[What is required] From the records below, give the number of lines that contain the string "Mampang", without any other text.

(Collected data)
--------------------

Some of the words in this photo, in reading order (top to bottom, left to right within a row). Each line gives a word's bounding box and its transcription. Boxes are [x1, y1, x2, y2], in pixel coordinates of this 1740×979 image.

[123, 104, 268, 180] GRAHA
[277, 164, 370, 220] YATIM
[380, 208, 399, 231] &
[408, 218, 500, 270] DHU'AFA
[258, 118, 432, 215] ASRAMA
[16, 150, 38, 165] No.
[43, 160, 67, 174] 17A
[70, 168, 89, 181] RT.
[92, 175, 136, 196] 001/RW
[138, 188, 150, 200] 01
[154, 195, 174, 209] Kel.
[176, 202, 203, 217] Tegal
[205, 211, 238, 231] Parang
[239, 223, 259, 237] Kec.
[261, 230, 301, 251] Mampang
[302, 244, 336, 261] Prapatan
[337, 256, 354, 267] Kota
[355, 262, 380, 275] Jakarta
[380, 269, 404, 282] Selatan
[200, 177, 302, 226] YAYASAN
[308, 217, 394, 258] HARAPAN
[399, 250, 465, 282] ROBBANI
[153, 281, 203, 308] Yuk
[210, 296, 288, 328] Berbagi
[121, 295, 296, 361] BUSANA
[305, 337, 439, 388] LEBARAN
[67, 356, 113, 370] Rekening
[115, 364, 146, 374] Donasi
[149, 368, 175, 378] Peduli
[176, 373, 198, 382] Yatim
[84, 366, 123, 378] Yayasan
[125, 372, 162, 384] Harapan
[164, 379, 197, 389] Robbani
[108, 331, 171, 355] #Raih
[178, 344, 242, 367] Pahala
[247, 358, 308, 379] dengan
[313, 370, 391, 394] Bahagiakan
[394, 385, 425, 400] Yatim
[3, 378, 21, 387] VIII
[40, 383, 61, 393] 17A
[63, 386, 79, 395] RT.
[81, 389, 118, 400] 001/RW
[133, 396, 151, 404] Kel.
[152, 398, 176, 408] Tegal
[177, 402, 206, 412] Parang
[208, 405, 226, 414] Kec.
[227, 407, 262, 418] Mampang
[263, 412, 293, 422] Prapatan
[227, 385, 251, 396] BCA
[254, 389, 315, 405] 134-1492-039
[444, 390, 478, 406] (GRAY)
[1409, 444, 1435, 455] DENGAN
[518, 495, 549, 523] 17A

--------------------

[The answer] 2